Neil Bothwick <n...@digimed.co.uk> [10-04-02 12:48]:
> On Fri, 2 Apr 2010 11:11:30 +0200, meino.cra...@gmx.de wrote:
> 
> > A question to LVM: As much as I know, LVM combines several partition
> > to one big partition, and if one partition fails, at least other
> > others of that volume are damaged, too.
> 
> It can be used that way, but you have only one disk, so you would create
> a single physical volume from a large partition on that disk and then use
> LVM to create individual logical volumes within it.
> 
> > What is the advantage of using LVM and several small partitions
> > instead of one in the size of the sum of the others and not using
> > LVM?
> 
> Flexibility and convenience. No single filesystem is right for all of
> your needs, with LVM you can use XFS where it is best suited and
> something else elsewhere, and you can resize and reorganise your volumes
> without needing to repartition the drive.

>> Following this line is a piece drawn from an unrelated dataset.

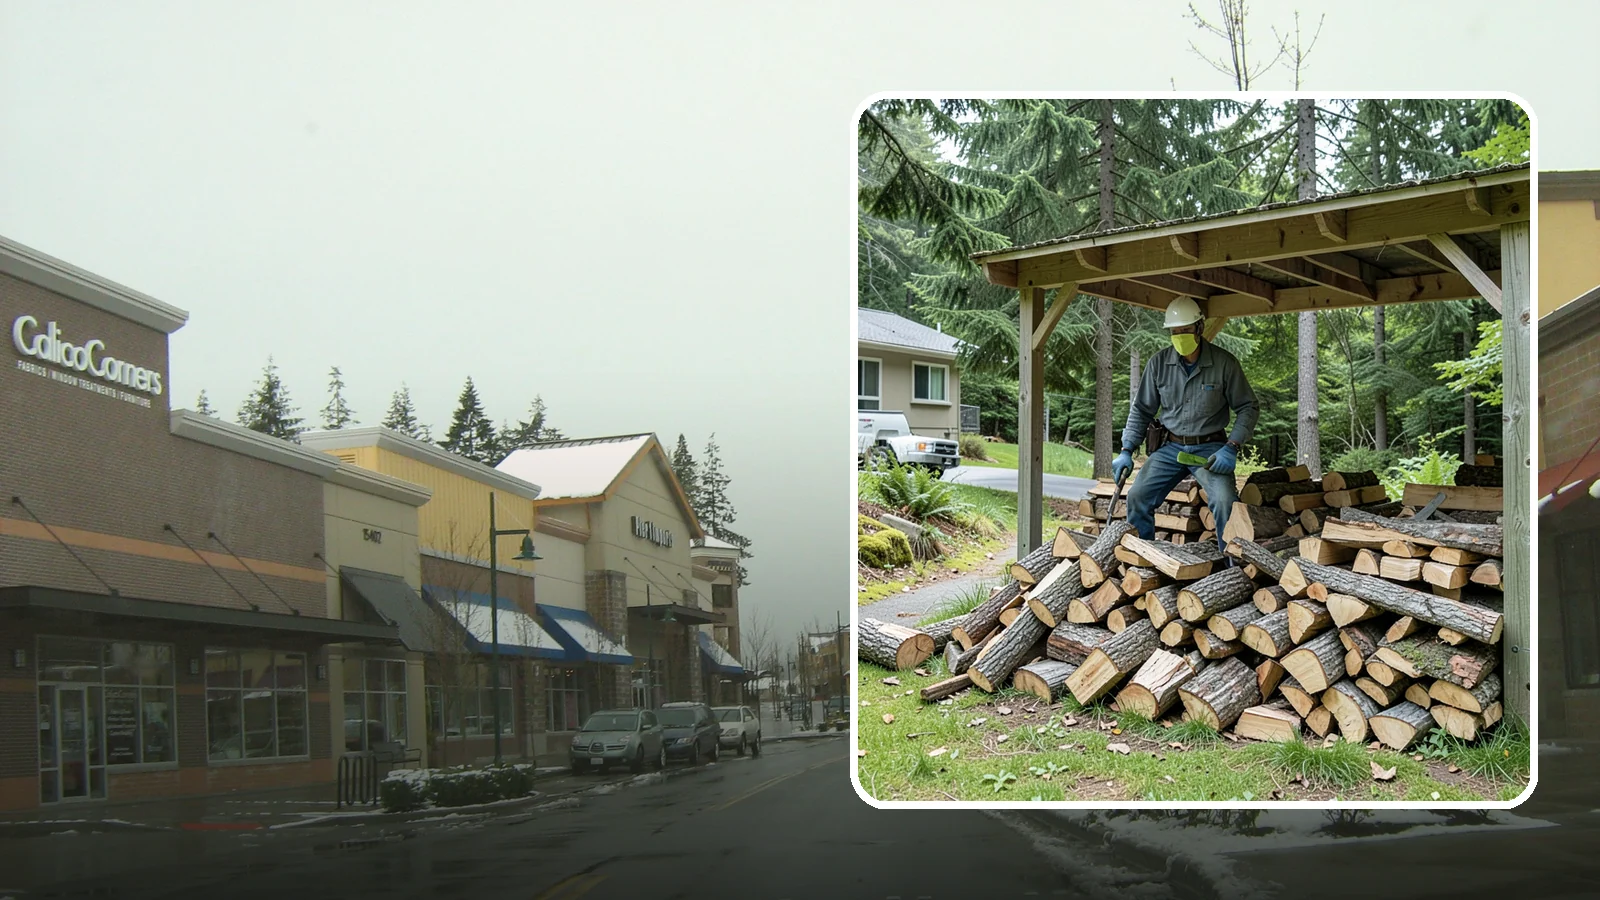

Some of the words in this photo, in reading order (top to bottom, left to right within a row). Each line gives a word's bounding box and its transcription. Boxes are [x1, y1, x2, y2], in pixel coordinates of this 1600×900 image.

I have a few hundred GB unused
> on my volume group, so I can add volumes or resize existing ones in
> seconds with minimal effort and no downtime.
> 
> Just one note of caution, XFS filesystems cannot be shrunk, although they
> are easy to grow, so make any XFS volumes no larger than your current
> needs. That advice applies to all your volumes, because growing is easier
> and faster than shrinking, but doubly so to XFS.
> 
> 
> -- 
> Neil Bothwick
> 
> Better to understand a little than to misunderstand a lot.

Hi Neil,

only to be sure to have understood everything correctly:
Suggestion is to create for example one root partition and a swap
partion. And I will create on big "rest of the disk"-partition.
The last one will be subdivided with LVM into portions as needed.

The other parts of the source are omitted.